The SDA also has false teachings about the Pope, claiming that on the Pope’s tiara there is the legend, Vicarius Filii Dei, which is supposed to signify the number of the Beast of the Apocalypse. This is widely taught in the Adventist church’s Unlocking Apocalypse Seminars. It is something I had heard since I was a child. But if someone were to research it, he would quickly discover that such a tiara does not exist and never has existed in the history of the Catholic Church. Anti-Catholics have simply made it up, probably basing it on the historical crown that Popes used to wear when the Pope was also the ruler of the Papal States in Italy. Those States no longer exist, and the crown is no longer worn.

Adventists also claim that Catholics believe that everything a Pope says is as if it were coming direct from God Himself. In their ignorance, they misunderstand what ex cathedra pronouncements are and the meaning and strict limits of papal infallibility.

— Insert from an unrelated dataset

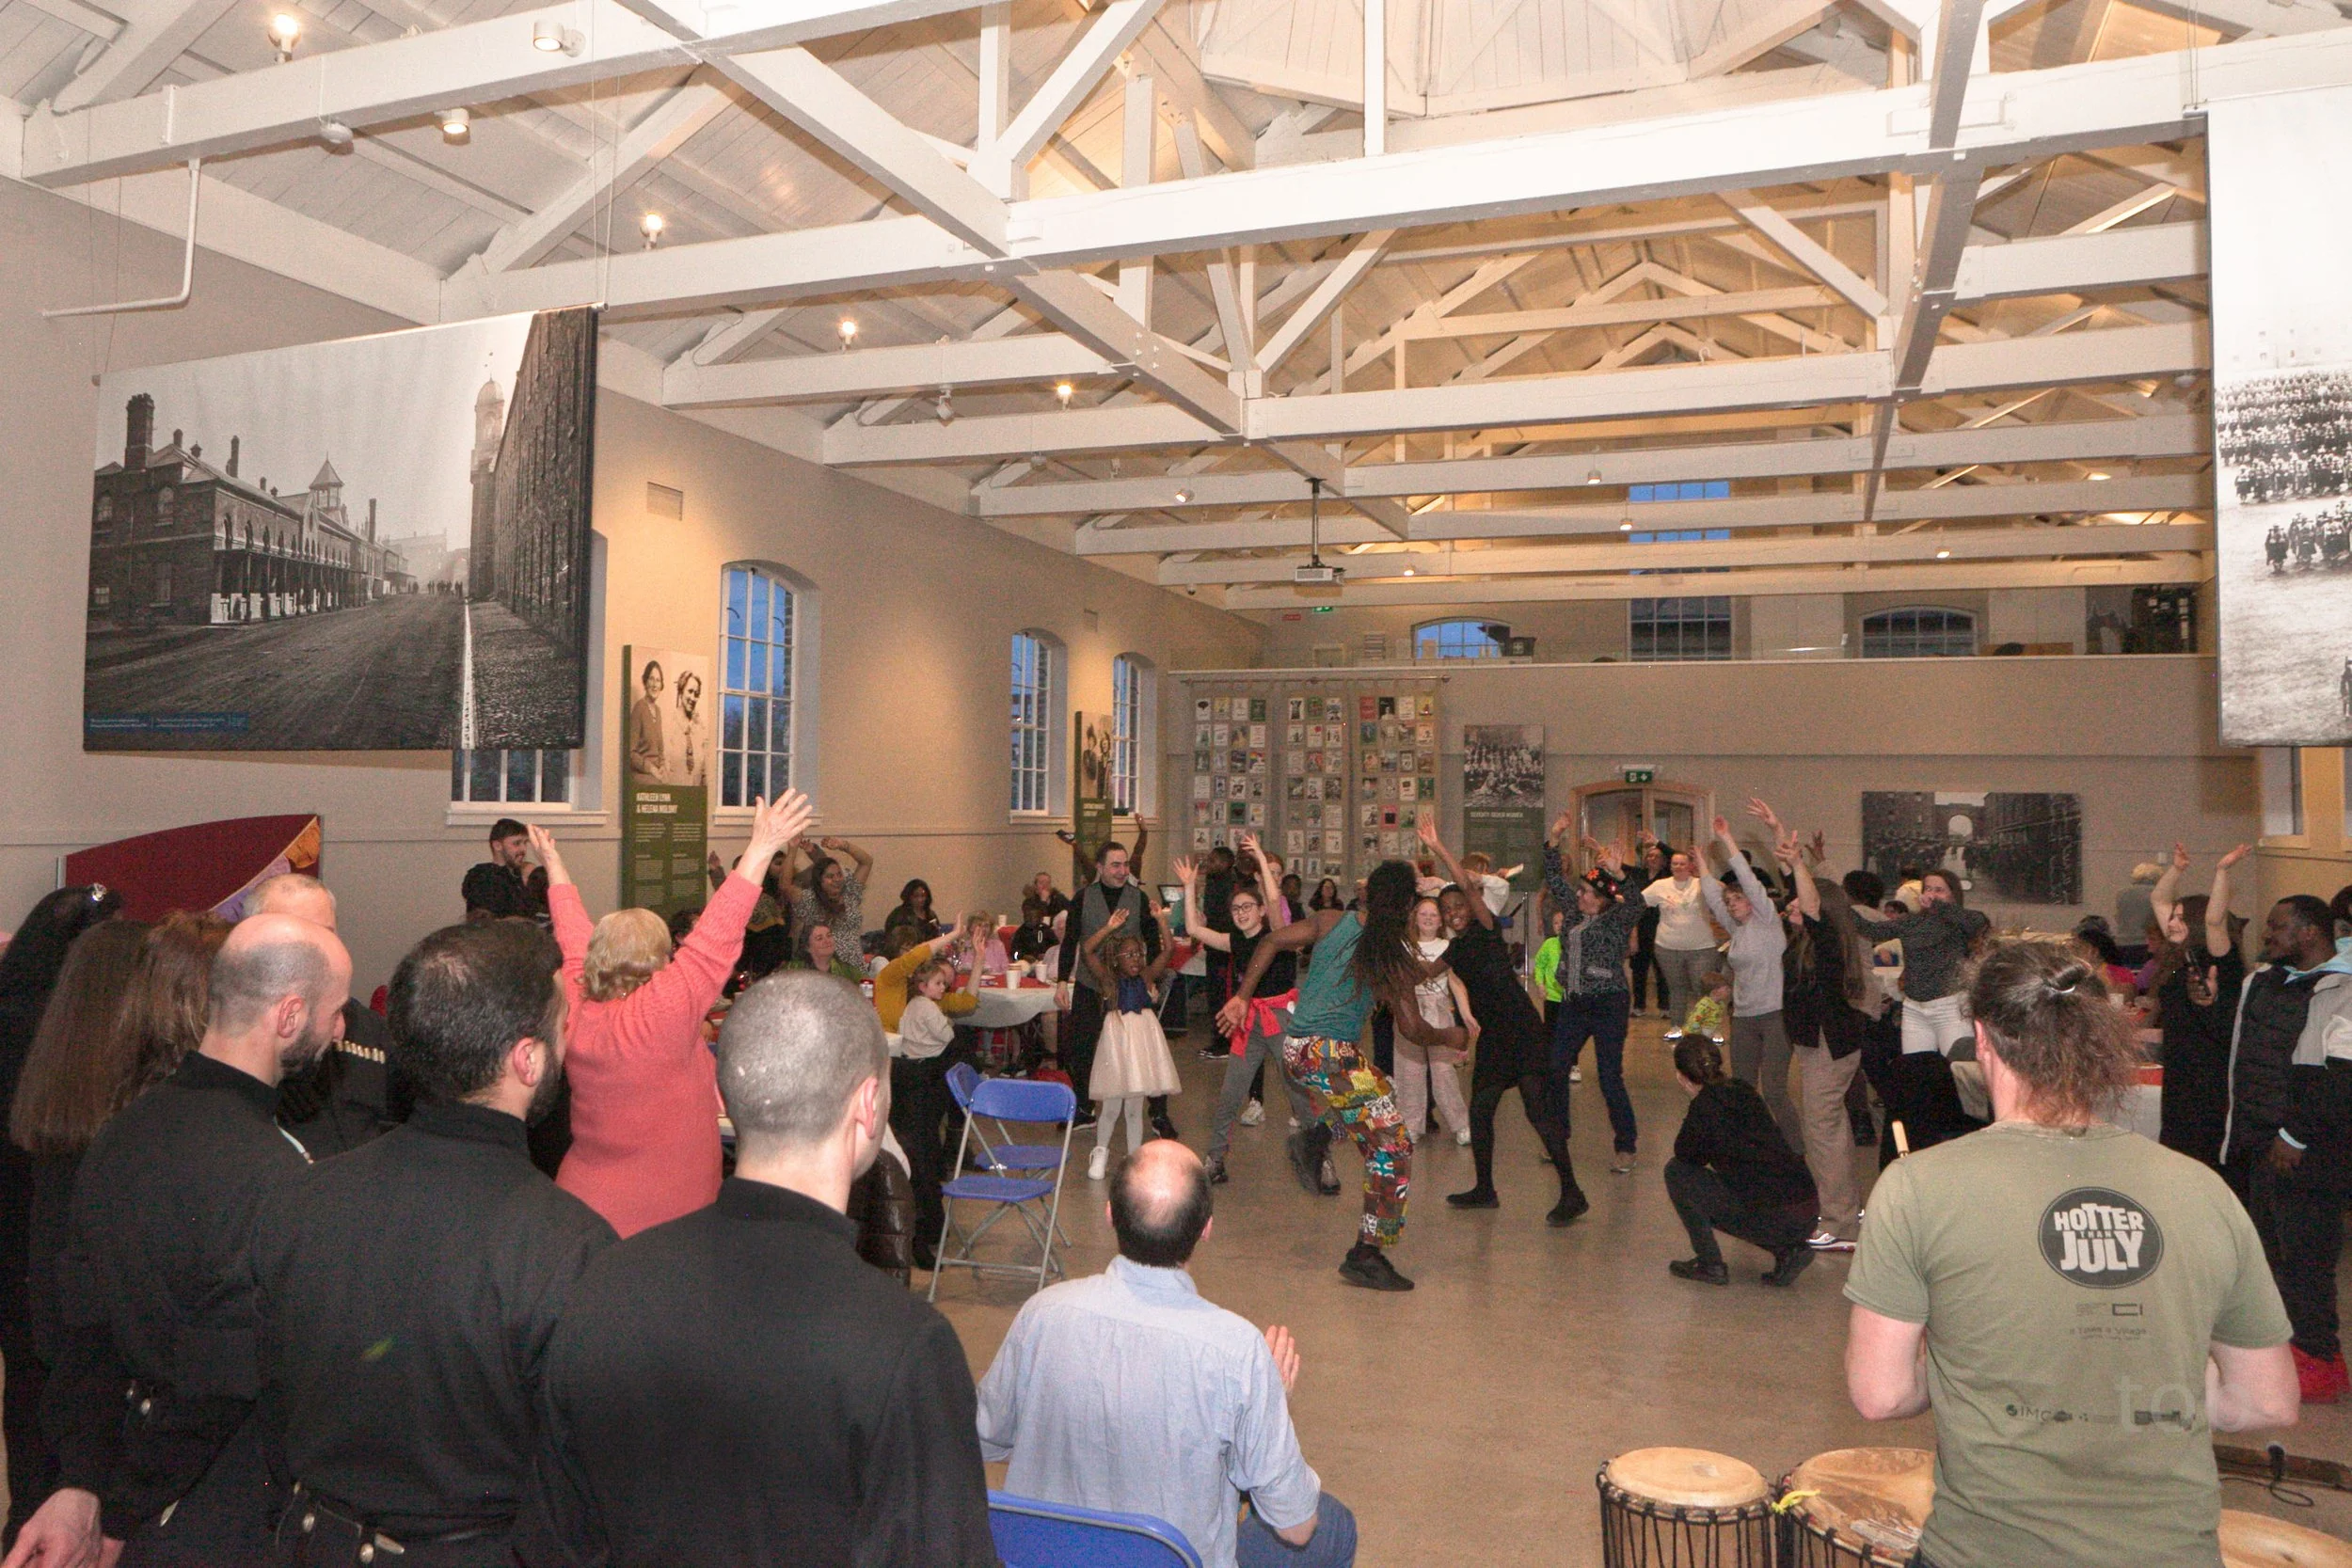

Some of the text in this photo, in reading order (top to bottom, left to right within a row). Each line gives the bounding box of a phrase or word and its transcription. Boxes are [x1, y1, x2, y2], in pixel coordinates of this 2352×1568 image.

[2054, 1203, 2145, 1231] HOTTER
[2080, 1230, 2113, 1239] THAN
[2060, 1230, 2143, 1273] JULY

Looking back, I can truthfully say that I am thankful for having grown up in a Christian home. I was deeply loved, and I am glad for the good things I learned in the Seventh Day Adventist Church. But at a critical point in my life, I realized that there was much in that church that was not true; it was not the true Church. When I received my First Communion as a Catholic, I understood that the final piece of my life’s puzzle had been put in place; the picture was complete, and all my questions and doubts had been answered. Now, the greatest happiness of my life is being Catholic. I have my Father in God, and the Church is my Mother. My fellow Catholics, all over the world and down through the centuries, are my spiritual brothers and sisters. The Bible is a story written by God, who desired my existence and loved me even before I could truly love Him.


Sil Cunha

Silvia Emilia was born in Rio de Janeiro, Brazil, in 1990. Her grandparents were from Portugal. She had a Christian upbringing in the Seventh Day Adventist Church. Her conversion to the Catholic Church began in 2013, when she visited her family’s homeland. All the Catholic beauty she saw in Fatima and other Portuguese cities impressed her in such a way that she wanted to learn more about the Catholic Church. Beauty was the initial way in which God touched Silvia’s heart in order to open her heart to the truth. Silvia studied Languages and Literature at the Federal University of Rio de Janeiro. She also has a master’s degree in Applied Linguistics. Currently, she is an English teacher at Colégio Pedro II, a traditional public school in Rio de Janeiro, and is engaged to be married in May of 2019 in a beautiful Catholic Church in Juiz de Fora, Brazil.